**PROBLEM TO WORK ON:**
Everything in the listing below should be written out again exactly, except the pictures.

**INPUT DATA:**
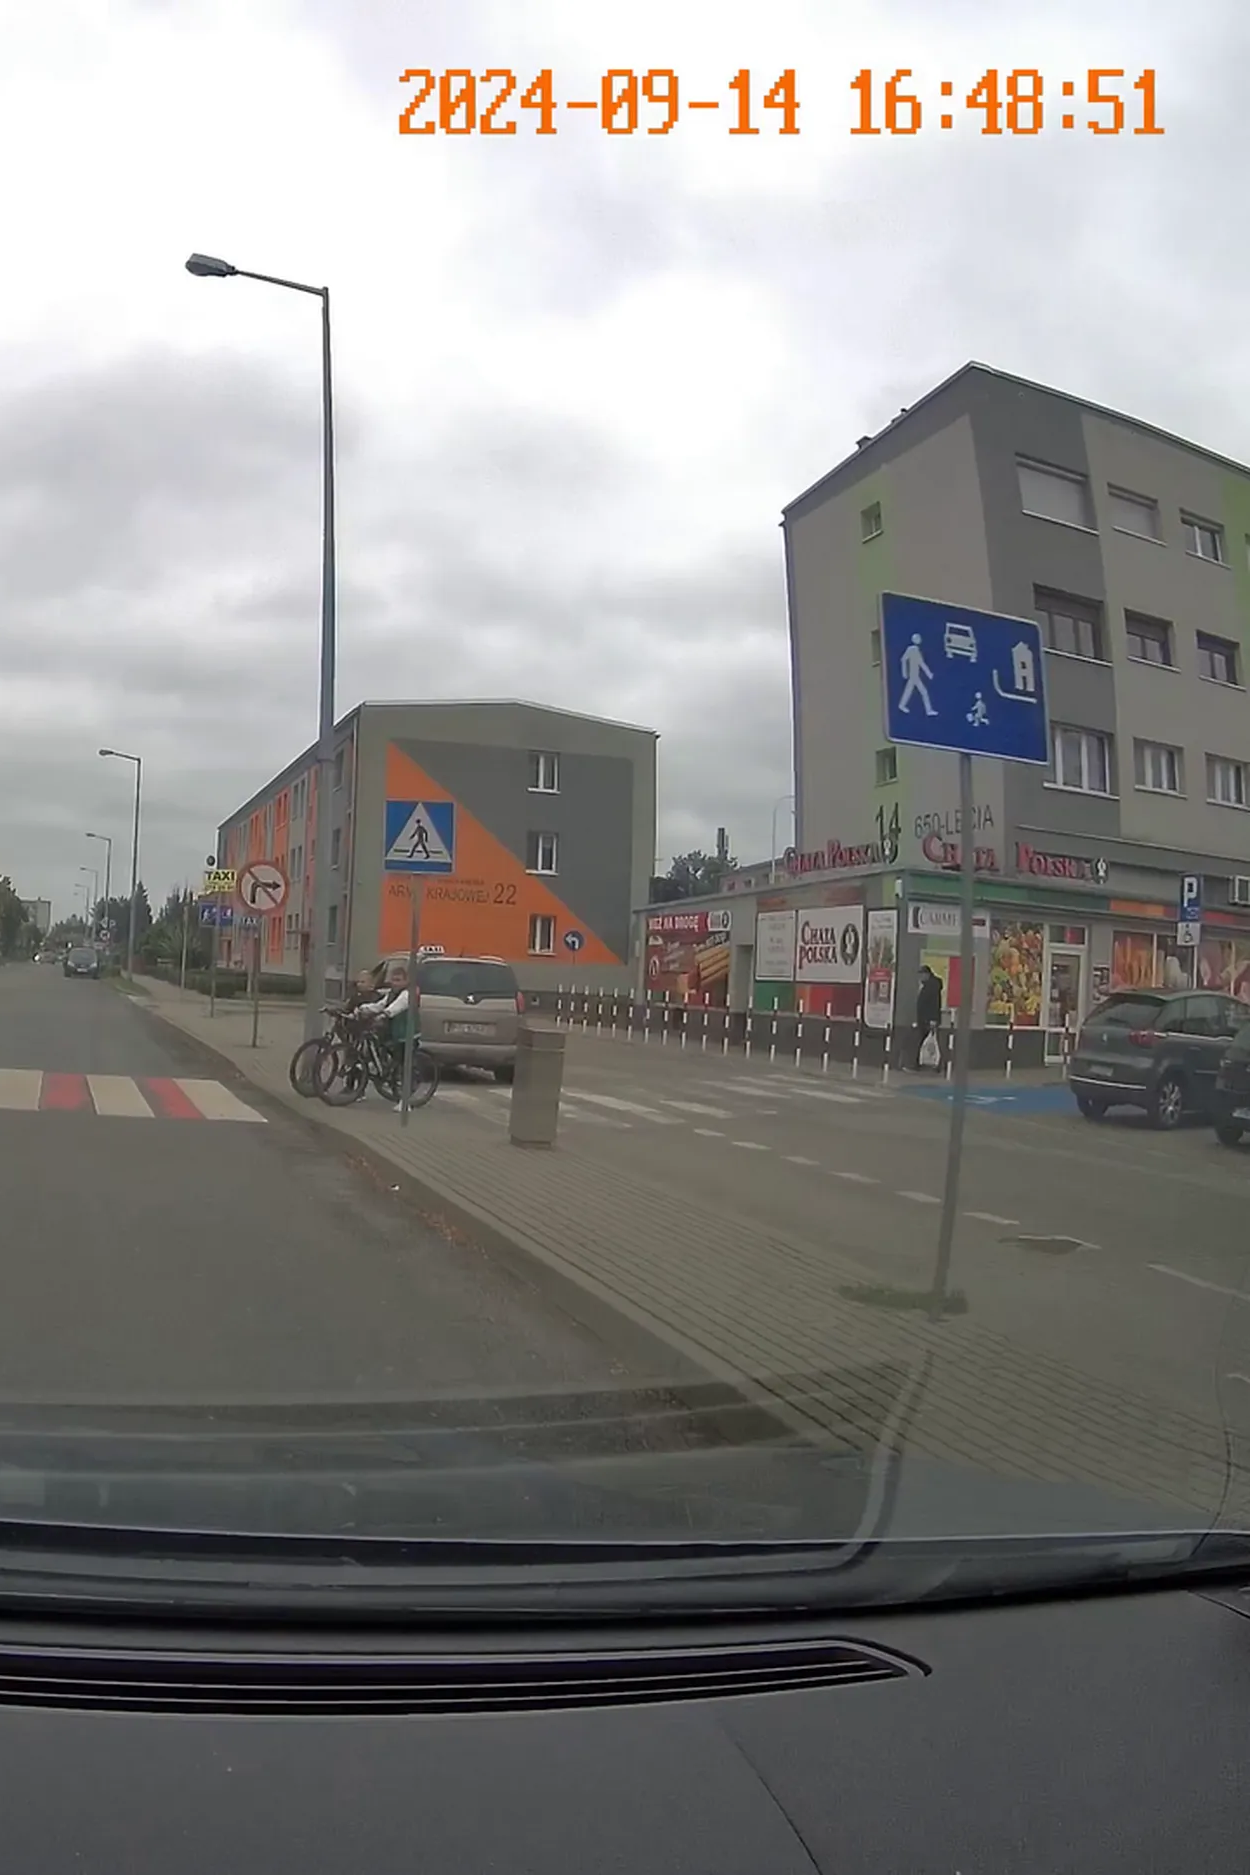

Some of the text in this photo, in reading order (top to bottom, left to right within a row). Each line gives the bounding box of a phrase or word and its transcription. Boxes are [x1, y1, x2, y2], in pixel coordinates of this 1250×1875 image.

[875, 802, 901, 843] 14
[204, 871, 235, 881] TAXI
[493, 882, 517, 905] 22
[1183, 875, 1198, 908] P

**YOUR RESPONSE:**
Some of the text in this photo, in reading order (top to bottom, left to right within a row). Each line gives the bounding box of a phrase or word and its transcription. Boxes are [x1, y1, x2, y2], in pixel coordinates of this 1250×1875 image.

[875, 802, 901, 843] 14
[204, 871, 235, 881] TAXI
[493, 882, 517, 905] 22
[1183, 875, 1198, 908] P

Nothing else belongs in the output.